经测试,总计获取 11299条中医药材数据。
import pandas as pd
import scrapy
class ZhongyaoSpider(scrapy.Spider):
name = "zhongyao"
start_urls = [f"https://www.zysj.com.cn/zhongyaocai/index__{i}.html" for i in range(1, 27)]
def __init__(self, *args, **kwargs):
self.data = []
def parse(self, response):
for li in response.css('div#list-content ul li'):
a_tag = li.css('a')
title = a_tag.css('::attr(title)').get()
href = a_tag.css('::attr(href)').get()
if title and href:
# 构建完整的详情页 URL
detail_url = response.urljoin(href)
yield scrapy.Request(detail_url, callback=self.parse_detail, meta={'title': title})
# 解析逻辑
def parse_detail(self, response):
title = response.meta['title']
pinyin = response.css('div.item.pinyin_name_phonetic div.item-content::text').get(default='').strip()
alias = response.css('div.item.alias div.item-content p::text').get(default='').strip()
english_name = response.css('div.item.english_name div.item-content::text').get(default='').strip()

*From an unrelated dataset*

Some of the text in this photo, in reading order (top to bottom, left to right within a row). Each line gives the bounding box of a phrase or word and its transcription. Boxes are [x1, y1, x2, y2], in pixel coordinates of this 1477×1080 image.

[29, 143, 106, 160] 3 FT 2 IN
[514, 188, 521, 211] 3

source = response.css('div.item.alias div.item-content p::text').get(default='').strip()
# 性味
flavor = response.css('div.item.flavor div.item-content p::text').get(default='').strip()
functional_indications = response.css('div.item.flavor div.item-content p::text').get(default='').strip()
usage = response.css('div.item.usage div.item-content p::text').get(default='').strip()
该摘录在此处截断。